[Data items]

########################################

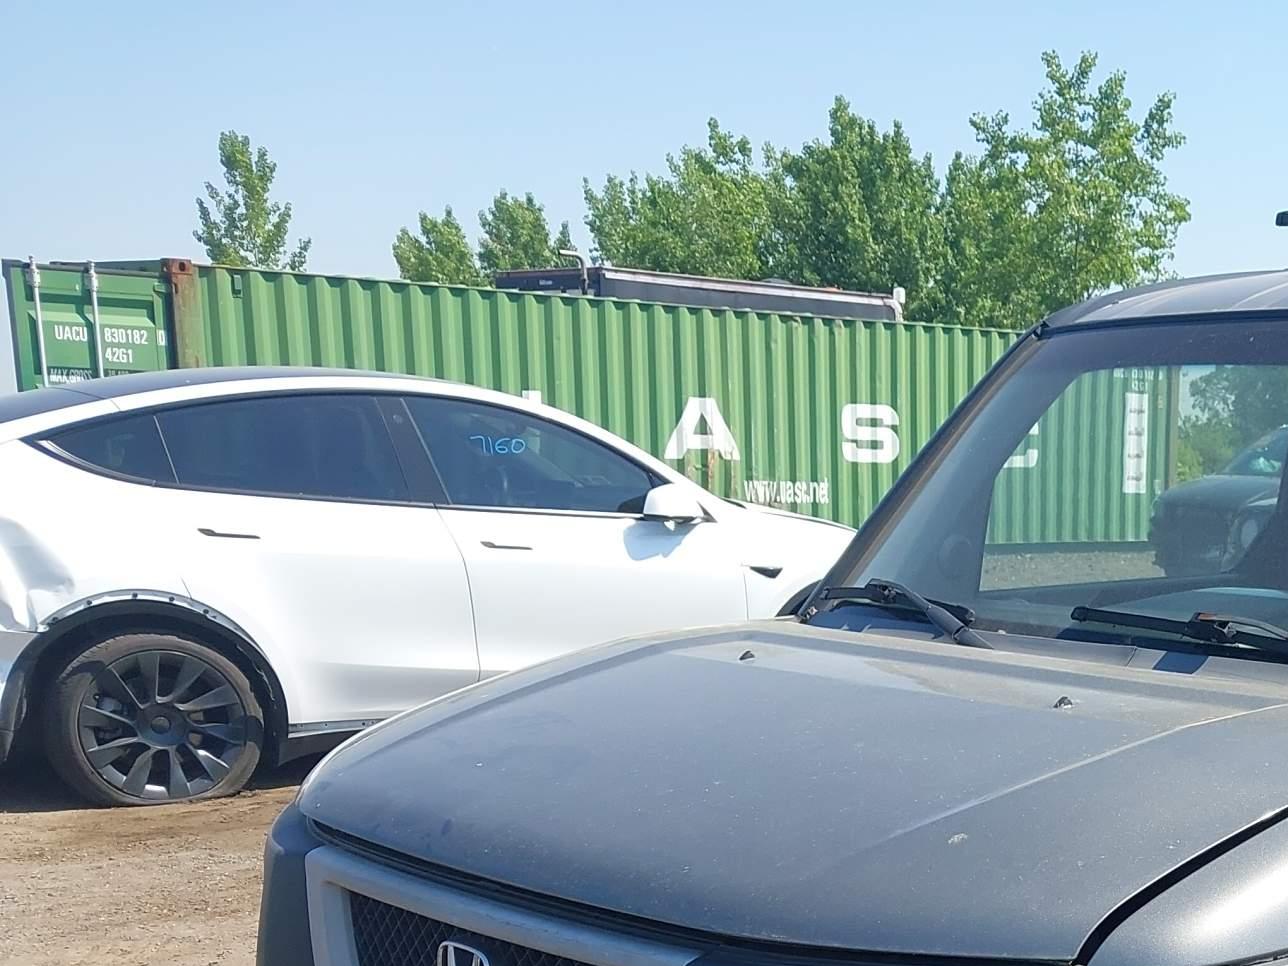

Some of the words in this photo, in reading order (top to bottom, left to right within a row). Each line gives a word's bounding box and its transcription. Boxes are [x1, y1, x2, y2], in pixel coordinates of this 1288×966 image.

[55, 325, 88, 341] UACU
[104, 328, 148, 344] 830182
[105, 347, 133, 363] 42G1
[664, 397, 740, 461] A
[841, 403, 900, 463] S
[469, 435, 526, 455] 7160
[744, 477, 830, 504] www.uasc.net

########################################

The problem
Would you print all of the entries exactly, omitting any image?

Exercise solution
Some of the words in this photo, in reading order (top to bottom, left to right within a row). Each line gives a word's bounding box and its transcription. Boxes are [x1, y1, x2, y2], in pixel coordinates of this 1288×966 image.

[55, 325, 88, 341] UACU
[104, 328, 148, 344] 830182
[105, 347, 133, 363] 42G1
[664, 397, 740, 461] A
[841, 403, 900, 463] S
[469, 435, 526, 455] 7160
[744, 477, 830, 504] www.uasc.net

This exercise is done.